- What you are asked to do -
The records follow. Copy them exactly, but omit the pictures.

======== The data ========

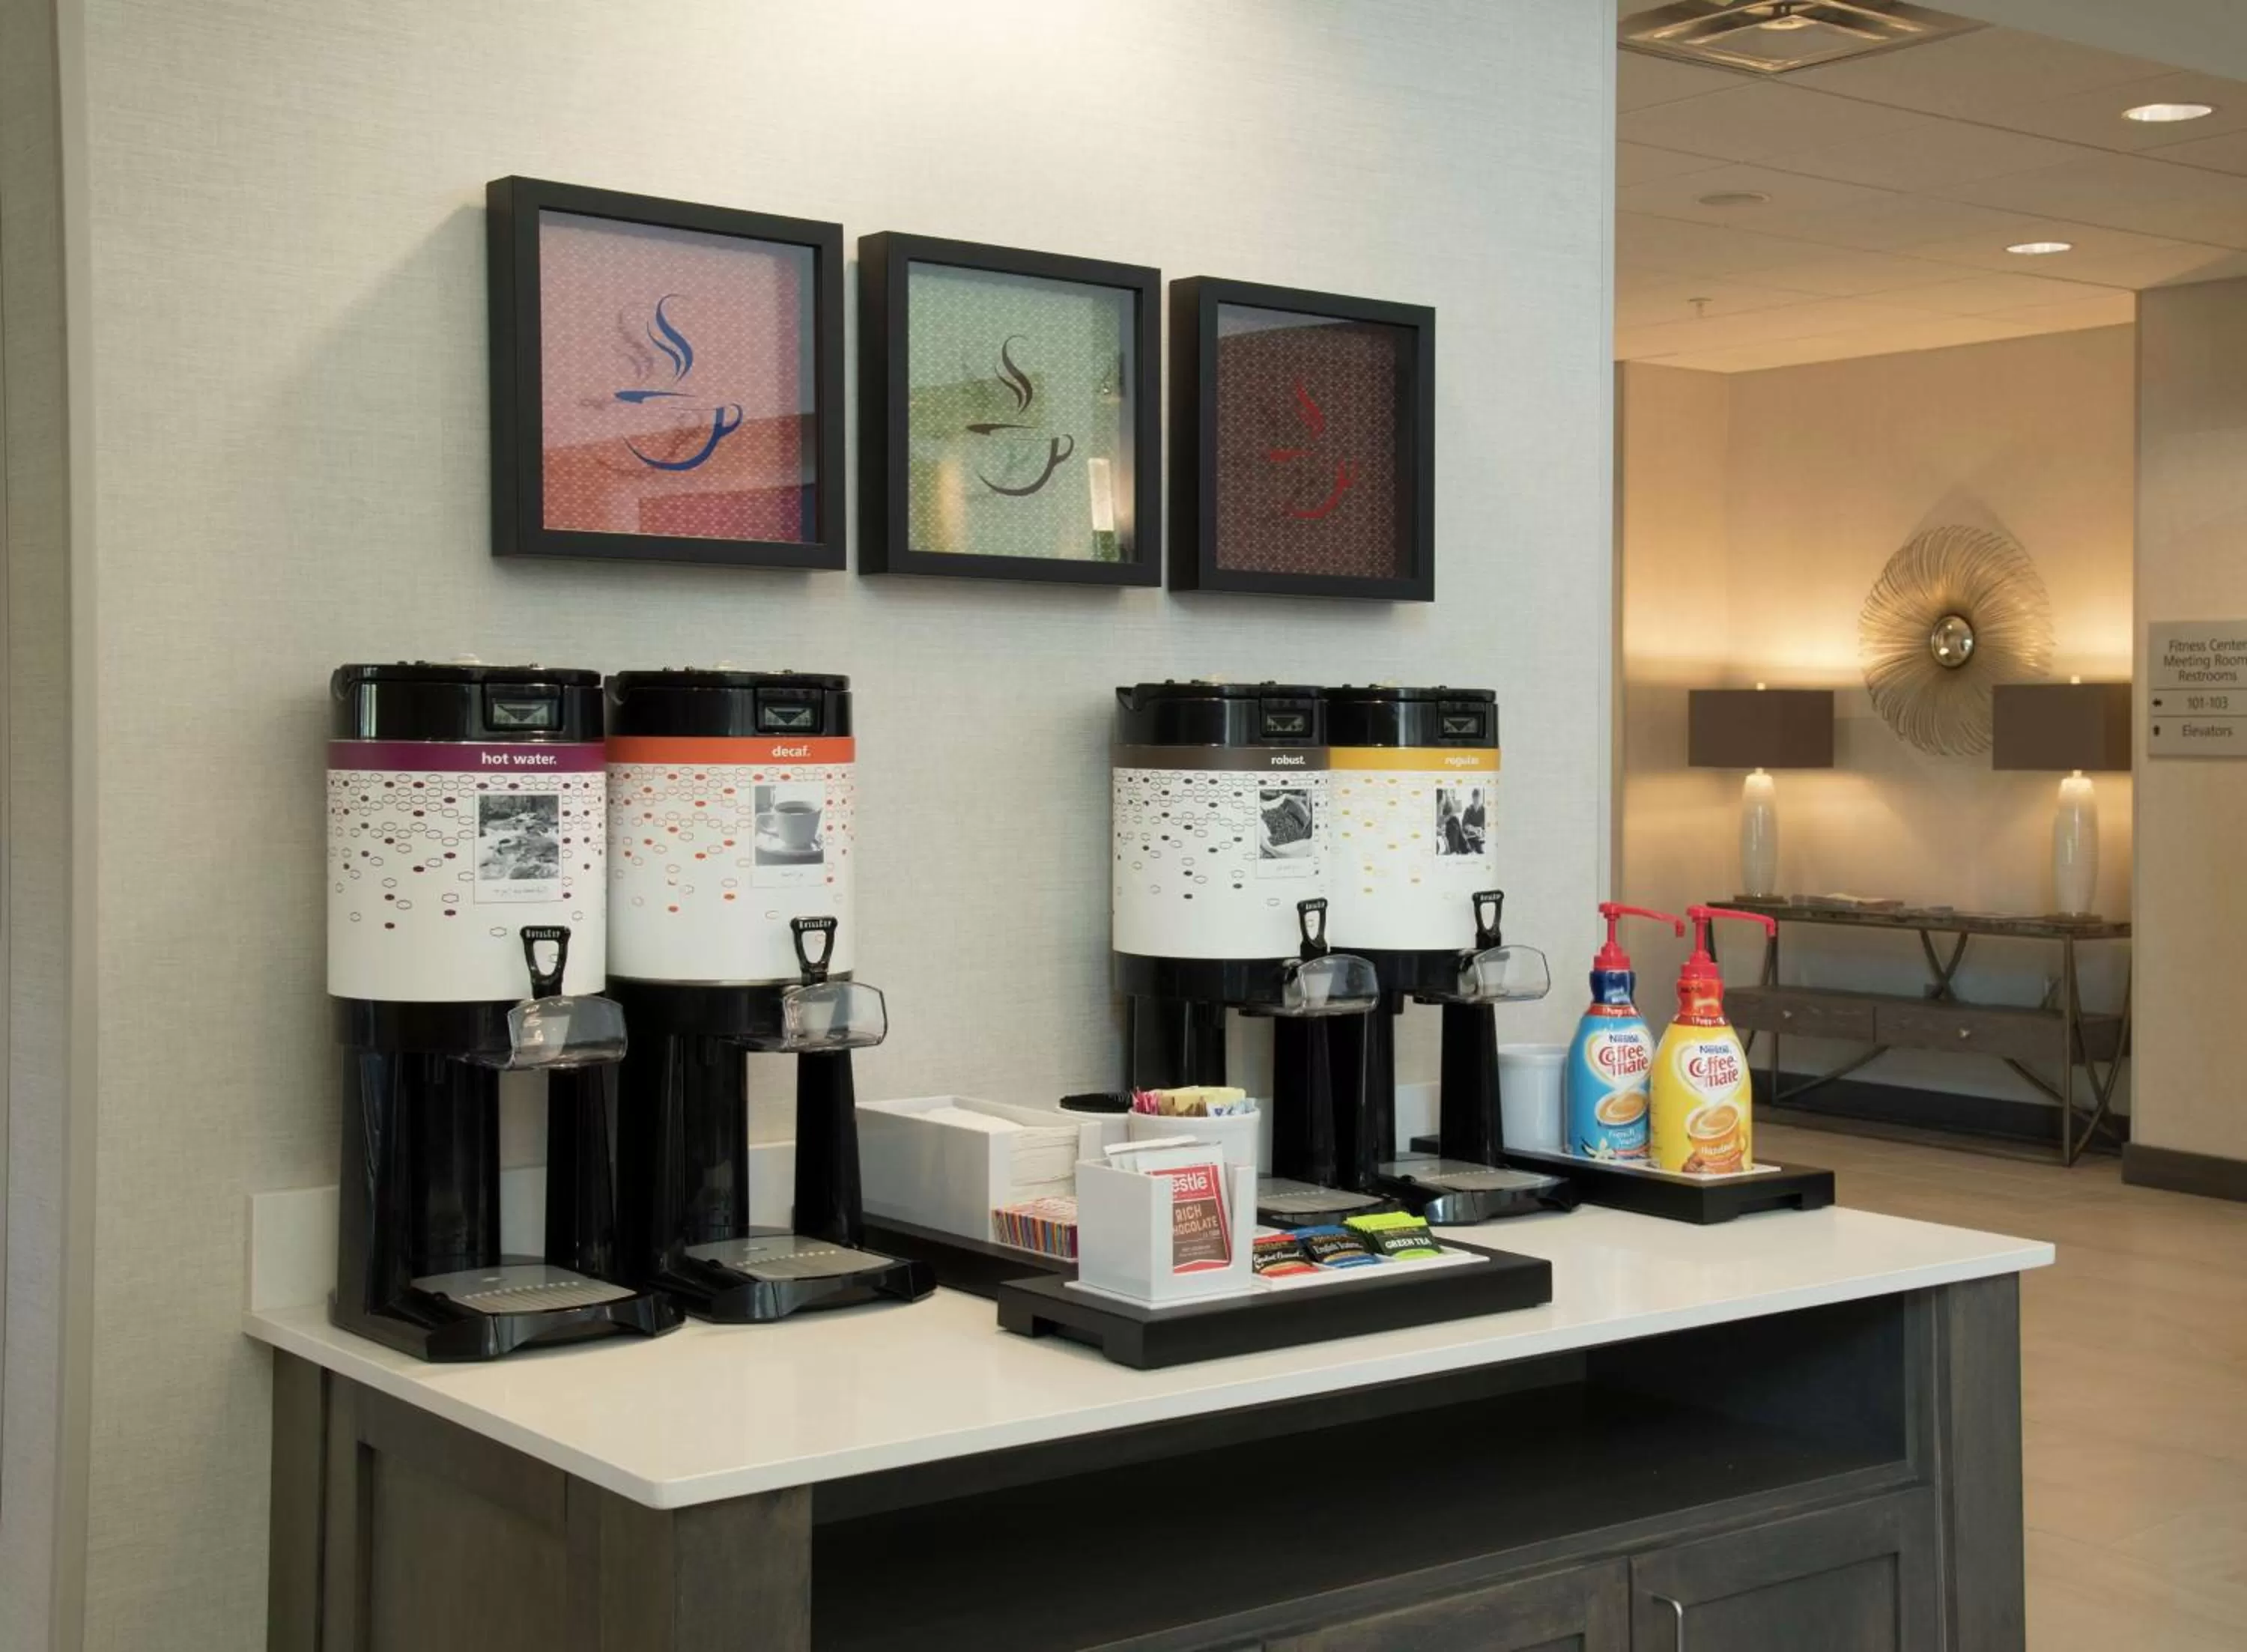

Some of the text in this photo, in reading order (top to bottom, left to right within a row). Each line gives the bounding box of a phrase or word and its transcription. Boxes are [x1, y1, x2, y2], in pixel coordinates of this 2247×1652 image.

[2169, 638, 2247, 652] Fitness Center
[2164, 654, 2247, 669] Meeting Room
[2178, 670, 2237, 682] Restrooms
[2187, 696, 2229, 710] 101-103
[482, 751, 557, 765] hot water.
[771, 745, 810, 758] decaf.
[1172, 1172, 1208, 1192] estlé
[1175, 1203, 1202, 1222] RICH
[1174, 1215, 1219, 1235] HOCOLATE
[1385, 1237, 1432, 1249] GREEN TEA

========

- Your solution -
Some of the text in this photo, in reading order (top to bottom, left to right within a row). Each line gives the bounding box of a phrase or word and its transcription. Boxes are [x1, y1, x2, y2], in pixel coordinates of this 2247×1652 image.

[2169, 638, 2247, 652] Fitness Center
[2164, 654, 2247, 669] Meeting Room
[2178, 670, 2237, 682] Restrooms
[2187, 696, 2229, 710] 101-103
[482, 751, 557, 765] hot water.
[771, 745, 810, 758] decaf.
[1172, 1172, 1208, 1192] estlé
[1175, 1203, 1202, 1222] RICH
[1174, 1215, 1219, 1235] HOCOLATE
[1385, 1237, 1432, 1249] GREEN TEA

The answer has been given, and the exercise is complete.